Il a envie de se souvenir de tout. Du moindre geste, du moindre baiser, du moindre souffle. Ambroise veut se rappeler de chaque moment, depuis l’entrée jusqu’à la sortie de cet appartement. Depuis la rue même, ce taxi, premier témoin de rapprochements physiques après les échanges de regards. Il veut mémoriser la façon qu’ont ces mains de le déshabiller petit à petit, la détermination dont il peut faire preuve comme du relâchement. Il veut graver la douceur de sa peau en certains endroits, son goût à d’autres, les expressions qui naissent sur son visage carré. Bonnie veut tout garder en mémoire, précieusement, peut-être en partant du principe que cela sera leur unique nuit, après un jeu remarquable qu’il n’oubliera pas plus qu’il ne peut oublier le nom des étoiles. Pourtant rien n’est immuable, avec le temps les souvenirs s’enfuient, mais son ardeur de jeune adulte, les restes d’une adolescence qui le poussent encore à se sentir invincible, le laisse convaincu que cela n’arrivera jamais. Que le souvenir de ce russe l’accompagnera partout, à jamais, jusqu’aux confins de l’espace. Dans une autre vie peut-être. La sensation de ses mots, de ses mains qui l’entourent et le font doucement basculer, son corps sur le sien, ses lèvres. Il pourrait en pleurer tellement ses émotions et ses désirs sont puissants, comme le moment est beau, merveilleux, parfait, quand leurs regards se croisent pour en prendre conscience.

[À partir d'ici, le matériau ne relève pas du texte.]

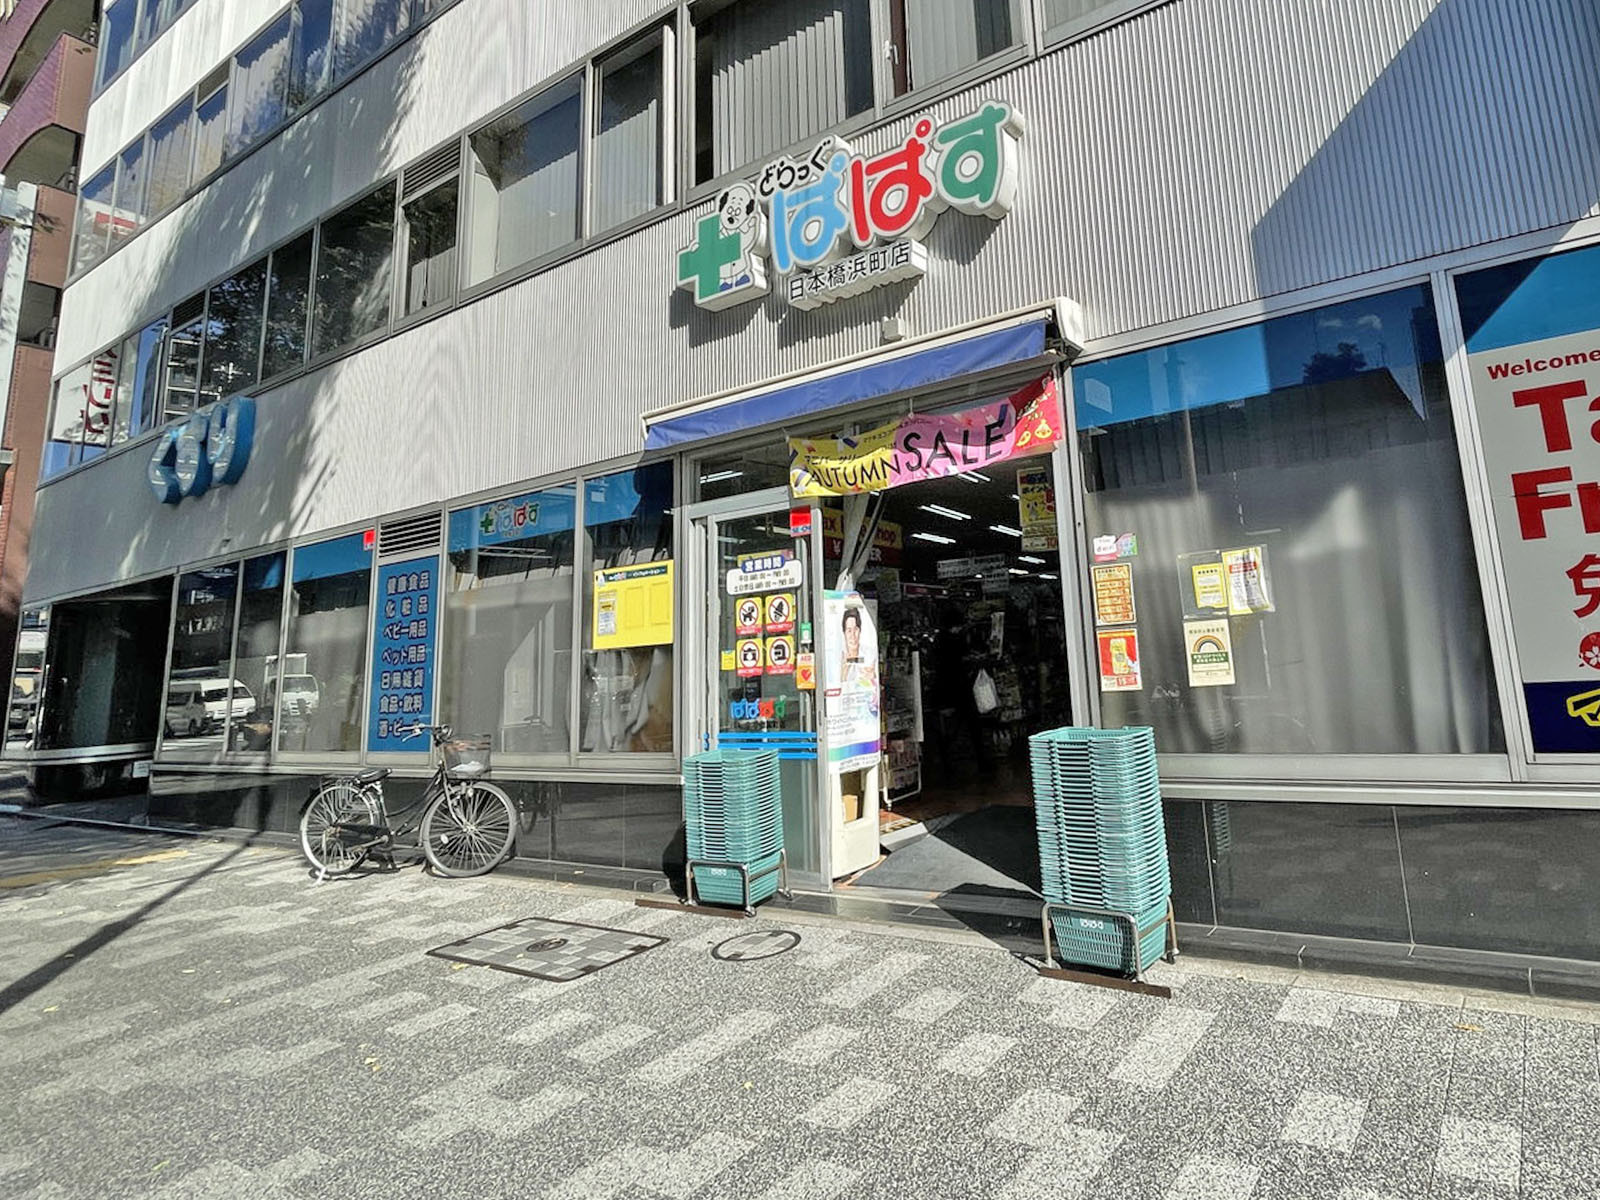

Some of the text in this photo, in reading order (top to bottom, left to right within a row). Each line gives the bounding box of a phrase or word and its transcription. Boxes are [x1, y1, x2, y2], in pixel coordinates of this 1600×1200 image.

[759, 139, 833, 196] どらっぐ
[772, 104, 1008, 271] ぱぱす
[790, 243, 910, 300] 日本橋浜町店
[1512, 380, 1600, 453] T
[805, 453, 899, 488] AUTUMN
[903, 418, 1006, 471] SALE
[382, 644, 426, 665] ペット用品
[383, 619, 427, 640] ベビー用品
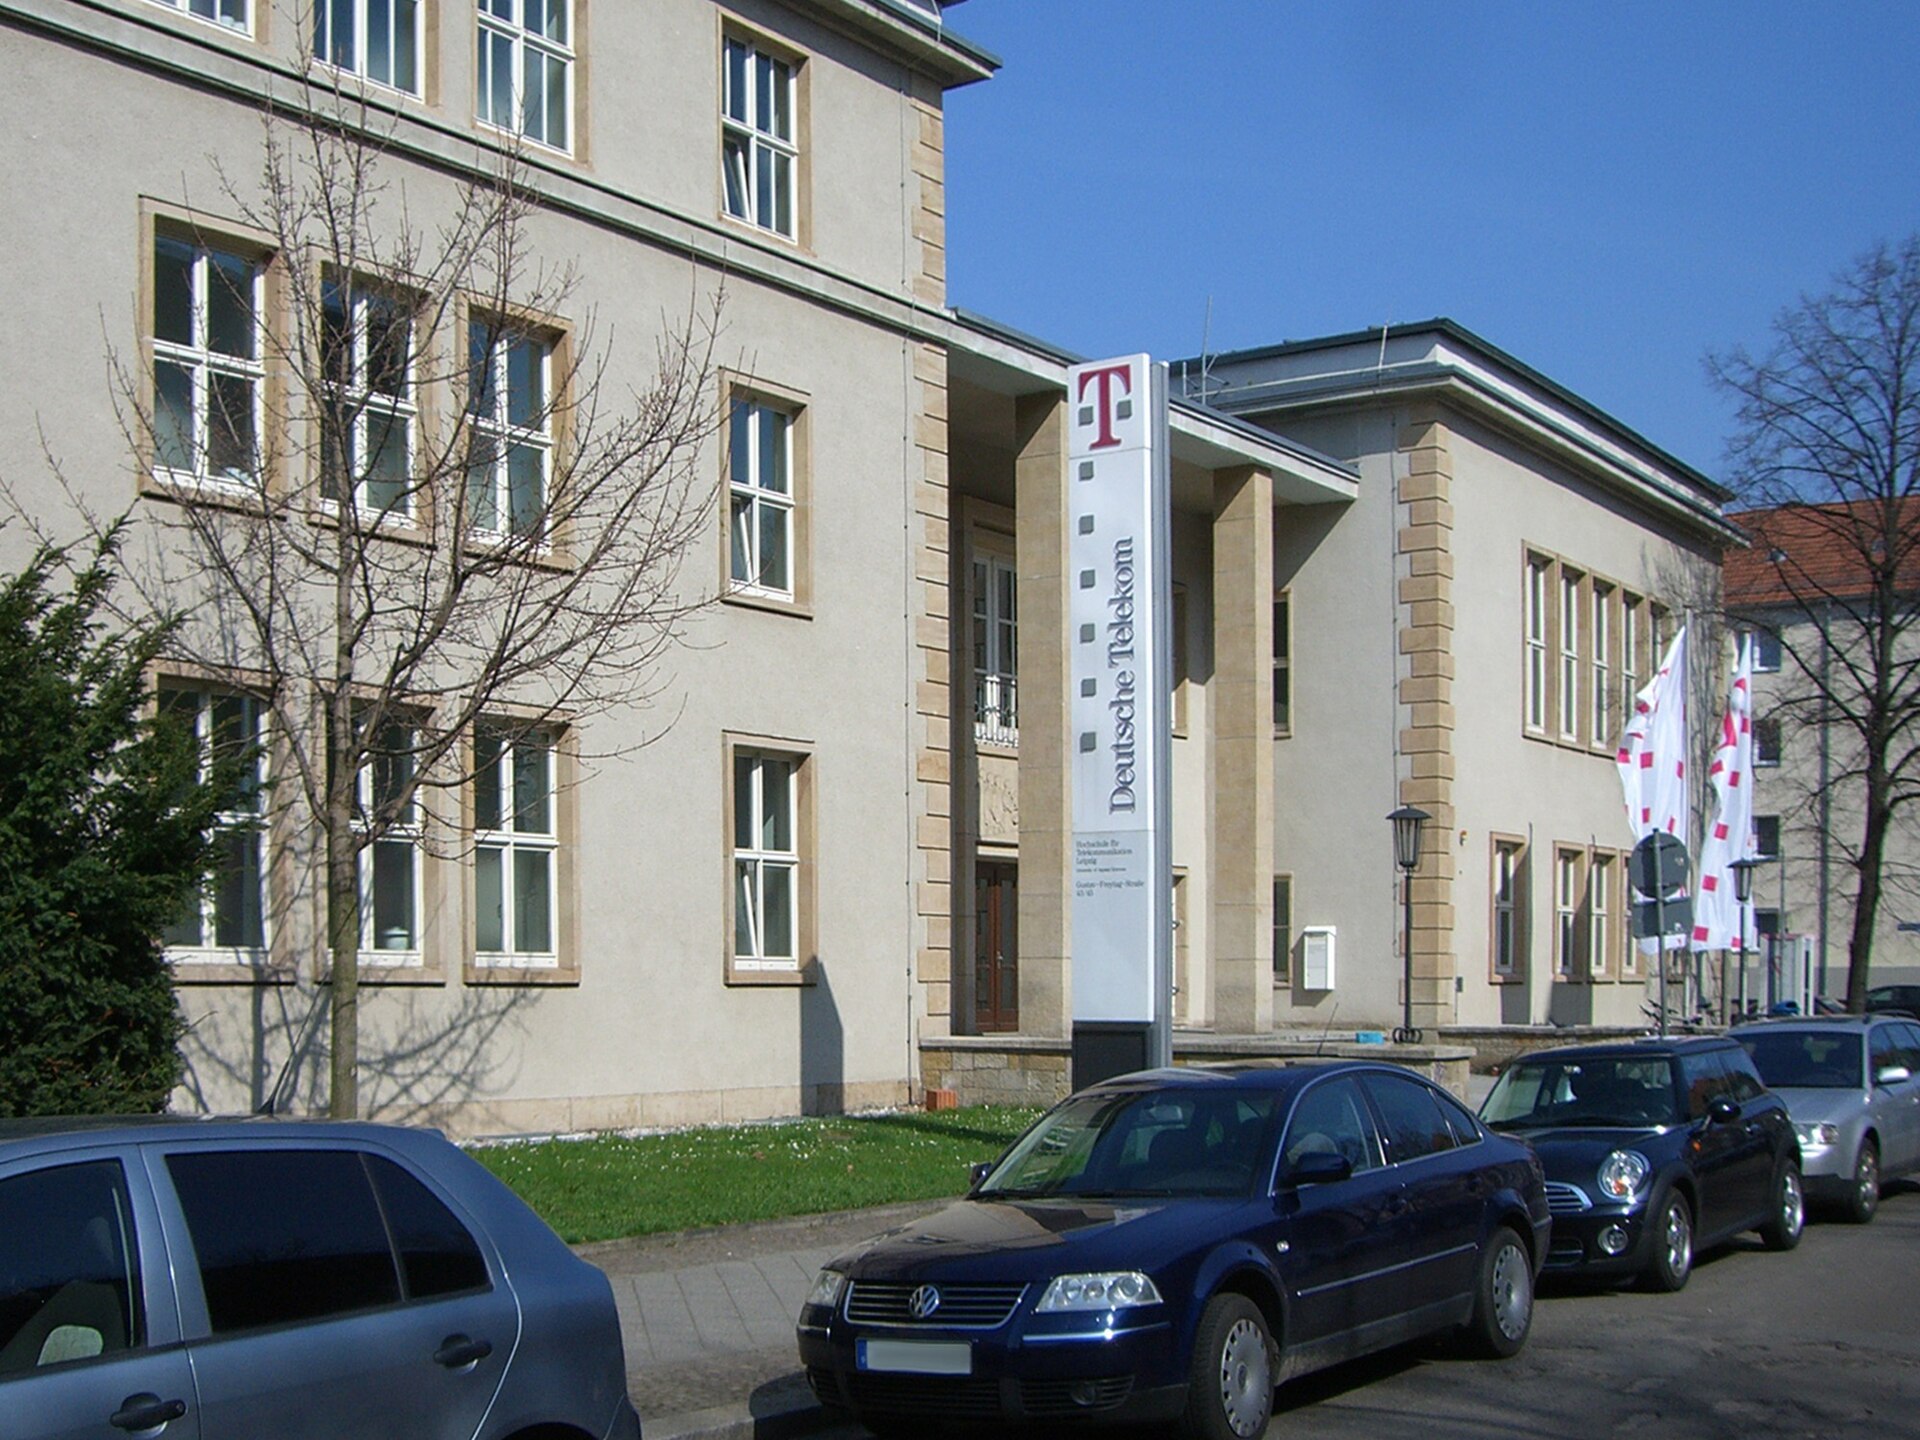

S’il avait imposé un rythme accéléré, celui qui les enveloppe sur ce canapé est redevenu lent, à la maîtrise du scénographe qui se venge gentiment. Il se montre plus hardi, redécouvrant son torse et décelant de nouvelles parcelles sensibles, guidé par un Ambroise incapable de maîtriser son corps et les signaux envoyés. Ces doigts et sa langue tout aussi doués. Efficaces pour le faire flancher, soupirer, s’enflammer ; inapte à retenir ses réactions ou contrôler ses expressions traîtresses de son plaisir. Tout est à portée de main, et Andreï sait lire ces messages secrets. A l’instar de l’étudiant qui avait été si proche de le faire basculer ; et il en est fier, de ce moment d’audace particulièrement attendu sans qu’il ne le comprenne avant de se retrouver à genoux, le goût encore sur la lange. Le plaisir de voir celui du russe s’étaler dans ses yeux sombres. L’un et l’autre ont ce même pouvoir possessif et libérateur, dominant et soumis. Et c’est à présent Ambroise qui s’y perd, au bon vouloir du scénographe qui explore encore un instant avant de les déshabiller tout deux. La passion guide davantage ses gestes, il se fait moins flâneur. Cherchant avec précision à répondre aux envies de Bonnie, à présent incapable d’autre chose que de recevoir ses attentions. Andreï n’a pas été aveugle à ce qui se cachait dans le regard du plus jeune, sans aucun doute. Il n’a pas manqué ces tourbillons que des mots ne peuvent décrire, et c’est ainsi qu’il veille à remplir ses souhaits, rendant la pareille à son traitement de tout à l’heure. Des baisers plus précis, qui remontent après être descendus.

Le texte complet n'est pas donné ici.